To quickly set the scene: in 1974 newly elected Suriname Prime Minister Henck Arron unexpectedly announced that his country would become independent in 1975. His message caused more anxiety at home than in the metropole. The progressive Dutch cabinet was happy to oblige and soon started talks on the transfer of sovereignty. Arron ignored objections by a large part of the Surinamee population. Consequently, about a quarter of the population migrated to the Netherlands. Politically, independence was passed with a one-vote majority in the Suriname parliament. Pronk’s sympathy lies with Arron, rather than with the main leader of the opposition, Jagernath Lachmon.

Pronk’s bureaucratic saga revolves around mistrust, reproaches, colonialism, and tone deafness, none of which disappeared after 1975. Two topics dominated the two-year-long discussion: economic development and the establishment of an army—exactly the two topics that would determine developments in Suriname as well as the uneasy Suriname-Dutch relations for decades to come. Wanting to repair damages for 300 years of colonialism, The Hague settled on giving Suriname US$ 1.2 billion (and excusing it from its remaining debt of US$ 200 million). According to Pronk, it was the highest per capita development assistance in the world (pp. 108, 120). The allocation of and control over these so-called Treaty Funds was a major bone of contention during the negotiations and in the years after independence.

The Dutch were not keen on establishing an army, but gave into the demands for a comprehensive military force. (In 1980 the army grabbed power and returned to the barracks seven years later after serious human rights violations and in the midst of a socioeconomic and political crisis.) Both issues highlighted the crucial problem: who is in charge, the government of the new republic or the Dutch financiers?

Pronk tries to convey Suriname’s history and the dire legacies of colonialism and Dutch rule honestly, but in the end says little about the sentiments in Suriname society. Somehow, his book comes to life only occasionally, especially when he pointedly characterizes a person with whom he’s had a conversation. And it is marred by typos and the misspelling of names. Thus it is not a page turner with juicy anecdotes, nor does it reveal any new information, but it is an important, business-like source for both the Dutch approach to the making of the Republic of Suriname and Dutch-Suriname relations as viewed from The Hague. Unfortunately, it is rather short on reflection and introspection.

It is also a publication by a child of his time. The social-democrat and Tiers-Mondist Pronk, as the second longest-serving government minister, parliamentarian, assistant secretary-general of UNCTAD, diplomat, and professor of International Development, has always served the public sector. He has been in the vanguard of experts and activists fighting for human rights and socioeconomic justice. The book is a factual testament to his zeal for addressing global inequality and atoning for past wrongs.

Pronk is one of the last Mohicans involved in the independence negotiations.

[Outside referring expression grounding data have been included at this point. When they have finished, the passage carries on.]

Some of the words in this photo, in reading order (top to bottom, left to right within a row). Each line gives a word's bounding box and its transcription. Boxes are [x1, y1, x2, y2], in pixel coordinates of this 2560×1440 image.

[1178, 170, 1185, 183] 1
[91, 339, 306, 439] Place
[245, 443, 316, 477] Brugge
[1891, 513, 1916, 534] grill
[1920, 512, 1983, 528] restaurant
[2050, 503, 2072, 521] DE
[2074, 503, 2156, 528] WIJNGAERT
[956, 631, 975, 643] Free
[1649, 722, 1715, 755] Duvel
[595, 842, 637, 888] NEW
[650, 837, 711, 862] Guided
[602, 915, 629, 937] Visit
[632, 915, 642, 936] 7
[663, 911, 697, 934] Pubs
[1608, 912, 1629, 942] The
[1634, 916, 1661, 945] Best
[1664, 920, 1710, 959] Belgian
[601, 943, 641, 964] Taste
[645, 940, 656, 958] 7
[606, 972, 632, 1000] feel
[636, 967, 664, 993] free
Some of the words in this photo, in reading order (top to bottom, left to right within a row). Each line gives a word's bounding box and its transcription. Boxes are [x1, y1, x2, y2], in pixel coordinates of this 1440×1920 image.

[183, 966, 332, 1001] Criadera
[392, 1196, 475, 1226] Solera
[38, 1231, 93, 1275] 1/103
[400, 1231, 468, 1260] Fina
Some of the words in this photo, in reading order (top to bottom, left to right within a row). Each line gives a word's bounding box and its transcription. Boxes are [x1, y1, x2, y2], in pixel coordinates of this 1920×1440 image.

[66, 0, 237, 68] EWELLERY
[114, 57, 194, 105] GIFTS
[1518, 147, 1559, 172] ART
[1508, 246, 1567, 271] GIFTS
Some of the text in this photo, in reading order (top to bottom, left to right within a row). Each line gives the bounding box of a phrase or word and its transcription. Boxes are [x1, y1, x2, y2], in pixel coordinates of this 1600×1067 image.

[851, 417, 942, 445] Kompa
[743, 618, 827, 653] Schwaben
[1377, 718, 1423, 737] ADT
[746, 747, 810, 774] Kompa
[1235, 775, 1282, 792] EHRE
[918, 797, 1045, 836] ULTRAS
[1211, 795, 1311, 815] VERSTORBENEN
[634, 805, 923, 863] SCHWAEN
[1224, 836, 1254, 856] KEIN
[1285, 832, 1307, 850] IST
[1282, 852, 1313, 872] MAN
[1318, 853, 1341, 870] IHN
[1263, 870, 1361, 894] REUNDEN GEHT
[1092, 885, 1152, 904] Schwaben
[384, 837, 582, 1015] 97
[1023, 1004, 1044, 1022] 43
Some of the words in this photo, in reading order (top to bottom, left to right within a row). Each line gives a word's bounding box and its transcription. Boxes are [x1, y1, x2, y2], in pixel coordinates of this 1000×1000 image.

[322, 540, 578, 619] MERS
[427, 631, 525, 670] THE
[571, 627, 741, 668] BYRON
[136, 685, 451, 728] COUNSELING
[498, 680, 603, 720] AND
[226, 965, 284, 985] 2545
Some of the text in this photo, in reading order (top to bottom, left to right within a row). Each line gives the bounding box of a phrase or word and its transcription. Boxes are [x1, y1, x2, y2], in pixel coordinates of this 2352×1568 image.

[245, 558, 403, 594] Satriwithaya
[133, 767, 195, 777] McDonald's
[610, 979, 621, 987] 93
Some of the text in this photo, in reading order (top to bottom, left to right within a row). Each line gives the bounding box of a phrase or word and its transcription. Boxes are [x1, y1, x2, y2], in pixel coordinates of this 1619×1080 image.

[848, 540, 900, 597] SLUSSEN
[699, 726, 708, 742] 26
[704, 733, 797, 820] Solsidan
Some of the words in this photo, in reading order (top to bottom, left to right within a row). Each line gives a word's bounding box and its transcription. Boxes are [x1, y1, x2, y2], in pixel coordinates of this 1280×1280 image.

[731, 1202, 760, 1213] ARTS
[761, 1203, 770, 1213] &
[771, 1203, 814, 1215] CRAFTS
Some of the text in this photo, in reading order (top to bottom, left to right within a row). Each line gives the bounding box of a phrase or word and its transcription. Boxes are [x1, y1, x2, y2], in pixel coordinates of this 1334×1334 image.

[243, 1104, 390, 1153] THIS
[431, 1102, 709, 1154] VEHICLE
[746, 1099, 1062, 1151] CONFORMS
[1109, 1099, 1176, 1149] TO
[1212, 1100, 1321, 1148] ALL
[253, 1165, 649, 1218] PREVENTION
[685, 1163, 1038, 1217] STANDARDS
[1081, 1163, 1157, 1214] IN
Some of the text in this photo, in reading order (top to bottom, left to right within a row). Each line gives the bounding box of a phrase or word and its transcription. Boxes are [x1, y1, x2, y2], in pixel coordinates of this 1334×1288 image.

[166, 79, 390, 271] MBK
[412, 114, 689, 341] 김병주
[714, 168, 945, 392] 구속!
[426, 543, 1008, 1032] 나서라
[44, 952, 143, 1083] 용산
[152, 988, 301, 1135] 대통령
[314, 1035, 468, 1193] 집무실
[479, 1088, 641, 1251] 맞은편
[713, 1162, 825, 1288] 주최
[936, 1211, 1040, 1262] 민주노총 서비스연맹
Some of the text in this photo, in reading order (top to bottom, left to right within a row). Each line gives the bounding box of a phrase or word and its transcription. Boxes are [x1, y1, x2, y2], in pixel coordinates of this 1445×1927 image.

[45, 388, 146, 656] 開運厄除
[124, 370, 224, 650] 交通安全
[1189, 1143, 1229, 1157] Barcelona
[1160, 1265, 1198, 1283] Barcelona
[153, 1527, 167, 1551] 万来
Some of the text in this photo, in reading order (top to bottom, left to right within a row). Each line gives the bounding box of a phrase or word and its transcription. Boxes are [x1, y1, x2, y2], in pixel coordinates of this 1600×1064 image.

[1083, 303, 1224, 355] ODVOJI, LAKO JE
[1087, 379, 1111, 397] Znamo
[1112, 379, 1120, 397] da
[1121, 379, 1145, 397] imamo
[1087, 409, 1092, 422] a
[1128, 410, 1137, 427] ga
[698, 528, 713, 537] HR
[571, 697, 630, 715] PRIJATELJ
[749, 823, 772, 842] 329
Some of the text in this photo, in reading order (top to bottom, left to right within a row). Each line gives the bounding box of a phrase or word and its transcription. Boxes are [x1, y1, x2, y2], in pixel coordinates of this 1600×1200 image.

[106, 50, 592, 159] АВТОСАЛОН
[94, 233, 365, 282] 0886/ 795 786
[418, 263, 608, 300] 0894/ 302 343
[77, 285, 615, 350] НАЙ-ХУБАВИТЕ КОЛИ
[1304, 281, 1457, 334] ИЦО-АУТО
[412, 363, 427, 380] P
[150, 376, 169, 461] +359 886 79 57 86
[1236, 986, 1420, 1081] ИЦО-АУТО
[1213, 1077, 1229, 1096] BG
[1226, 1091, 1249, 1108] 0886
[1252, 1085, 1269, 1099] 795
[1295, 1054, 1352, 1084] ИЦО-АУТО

Now at 81, he is as convinced as always that the chosen road to Suriname’s independence was the only option. He also squarely blames Suriname’s current socioeconomic and political difficulties on the role, over 40 years, of the young republic’s former military dictator and ex-president, Desi Bouterse. When I questioned Pronk about this in a radio talk show on the occasion of the fortieth anniversary of the military coup, he denied that other structural problems—such as clientelism, corruption, institutional weaknesses, and lack of trust in the State, often dating back to colonial times—could also have contributed to the republic’s travails. This is rather surprising given his professional background, but it seems to illustrate his lack of reflection almost half a century after Suriname’s independence.